▸ **INSTRUCTIONS TO FOLLOW**
As you restate the entries, keep every word intact and leave out whatever images they hold.

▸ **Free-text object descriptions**
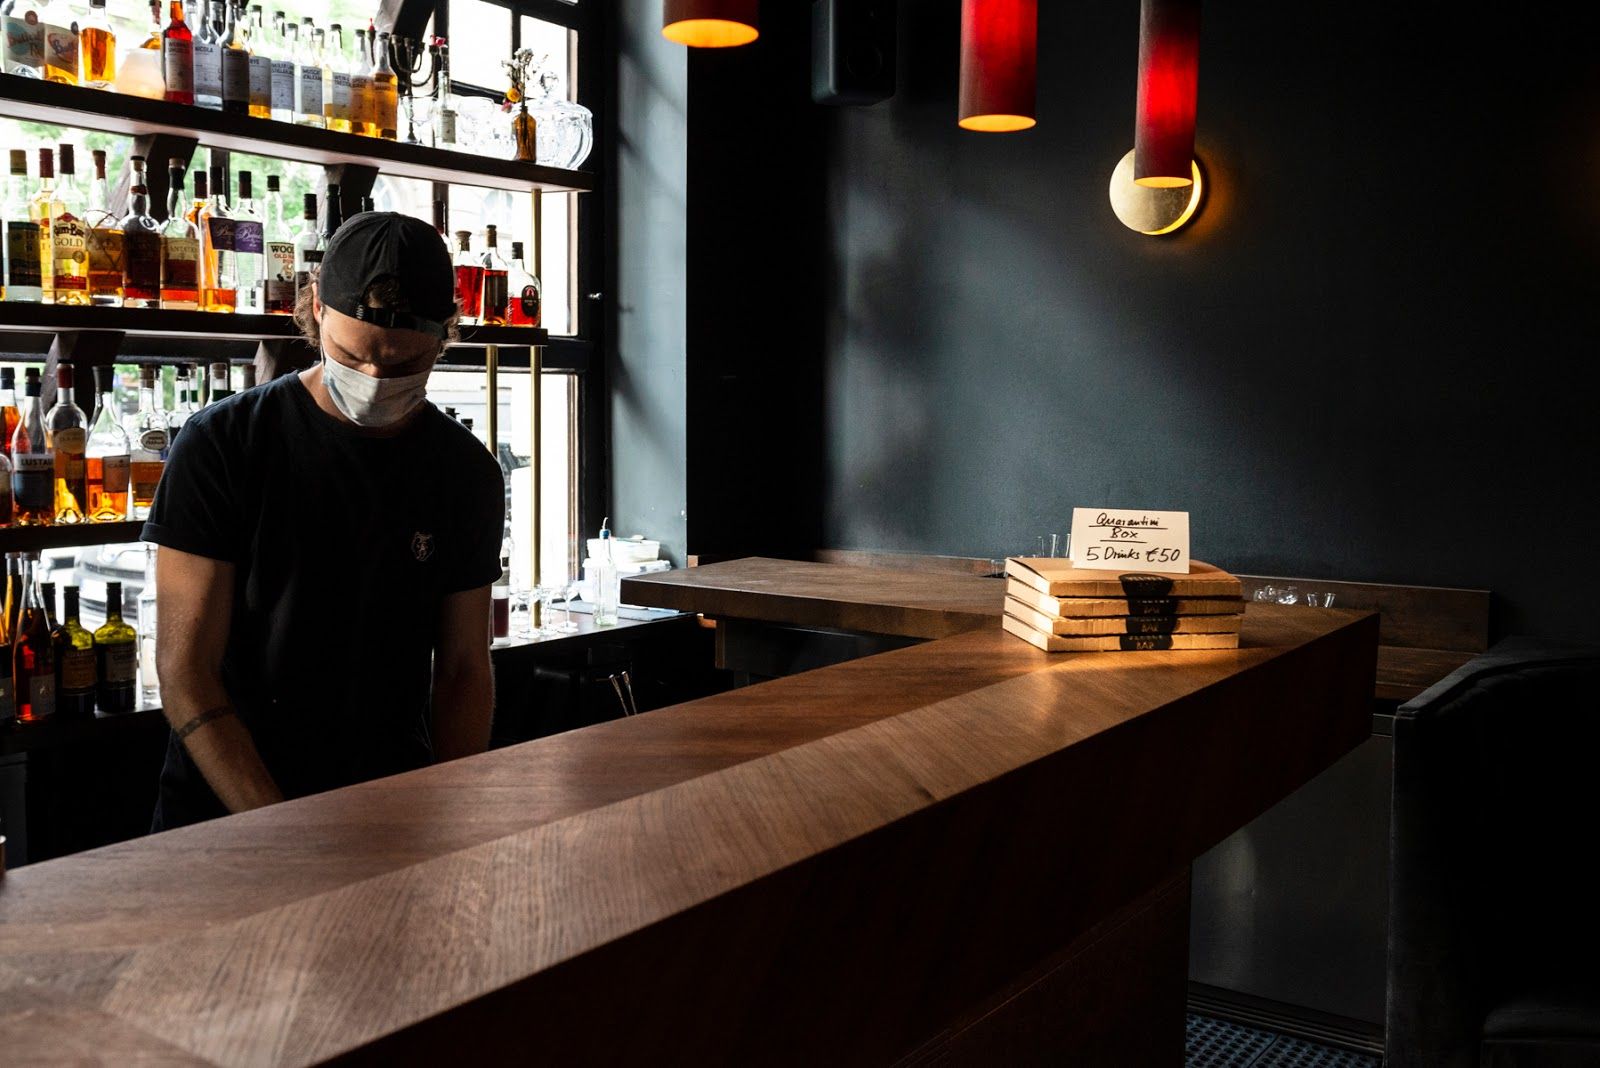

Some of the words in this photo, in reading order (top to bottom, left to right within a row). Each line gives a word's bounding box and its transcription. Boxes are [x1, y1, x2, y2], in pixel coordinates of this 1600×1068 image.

[54, 238, 83, 247] GOLD
[270, 245, 294, 254] WOO
[1096, 512, 1160, 527] Quarantini
[1109, 527, 1138, 539] Box
[1086, 546, 1102, 561] 5
[1104, 546, 1140, 560] Drinks
[1146, 547, 1181, 563] €50
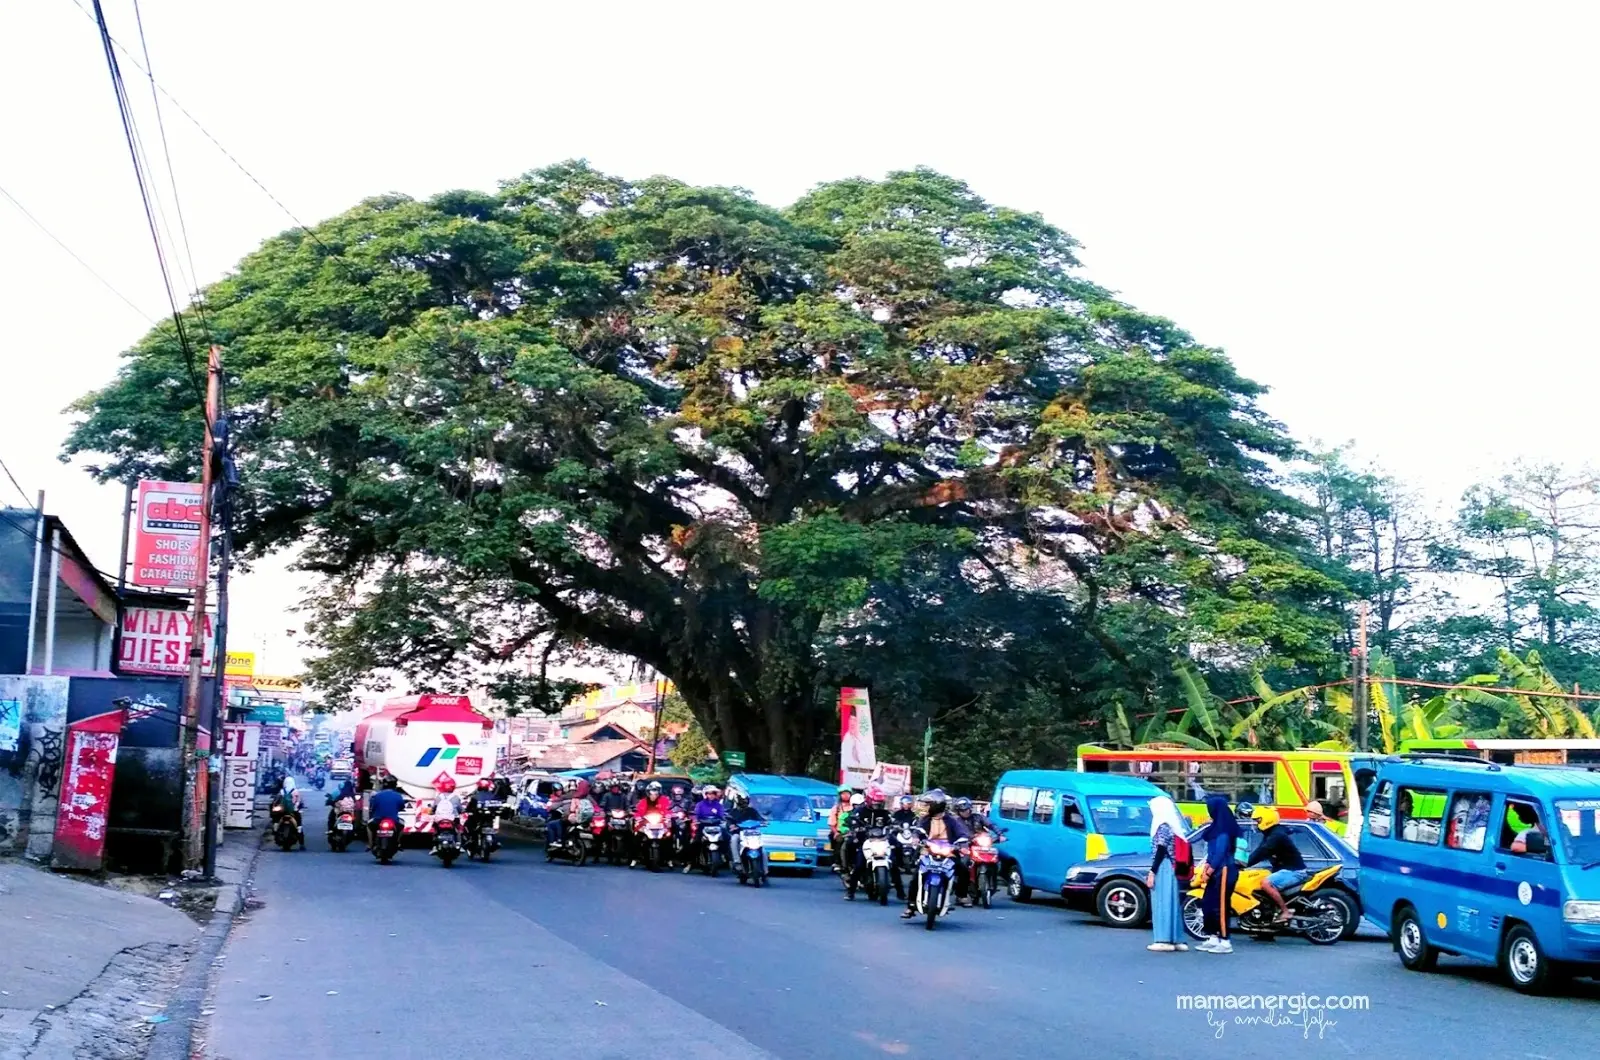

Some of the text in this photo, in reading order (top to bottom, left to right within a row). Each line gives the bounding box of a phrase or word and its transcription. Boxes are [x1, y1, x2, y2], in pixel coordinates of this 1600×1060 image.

[147, 497, 203, 522] abc
[172, 522, 199, 530] SHOES
[155, 539, 192, 551] SHOES
[148, 553, 197, 566] FASHION
[140, 567, 197, 581] CATALOGU
[123, 608, 213, 638] WIJAYA
[230, 764, 249, 816] MOBIL

▸ **ANSWER SECTION**
Some of the words in this photo, in reading order (top to bottom, left to right within a row). Each line gives a word's bounding box and its transcription. Boxes are [x1, y1, x2, y2], in pixel coordinates of this 1600×1068 image.

[54, 238, 83, 247] GOLD
[270, 245, 294, 254] WOO
[1096, 512, 1160, 527] Quarantini
[1109, 527, 1138, 539] Box
[1086, 546, 1102, 561] 5
[1104, 546, 1140, 560] Drinks
[1146, 547, 1181, 563] €50

Some of the text in this photo, in reading order (top to bottom, left to right within a row). Each line gives the bounding box of a phrase or word and its transcription. Boxes are [x1, y1, x2, y2], in pixel coordinates of this 1600×1060 image.

[147, 497, 203, 522] abc
[172, 522, 199, 530] SHOES
[155, 539, 192, 551] SHOES
[148, 553, 197, 566] FASHION
[140, 567, 197, 581] CATALOGU
[123, 608, 213, 638] WIJAYA
[230, 764, 249, 816] MOBIL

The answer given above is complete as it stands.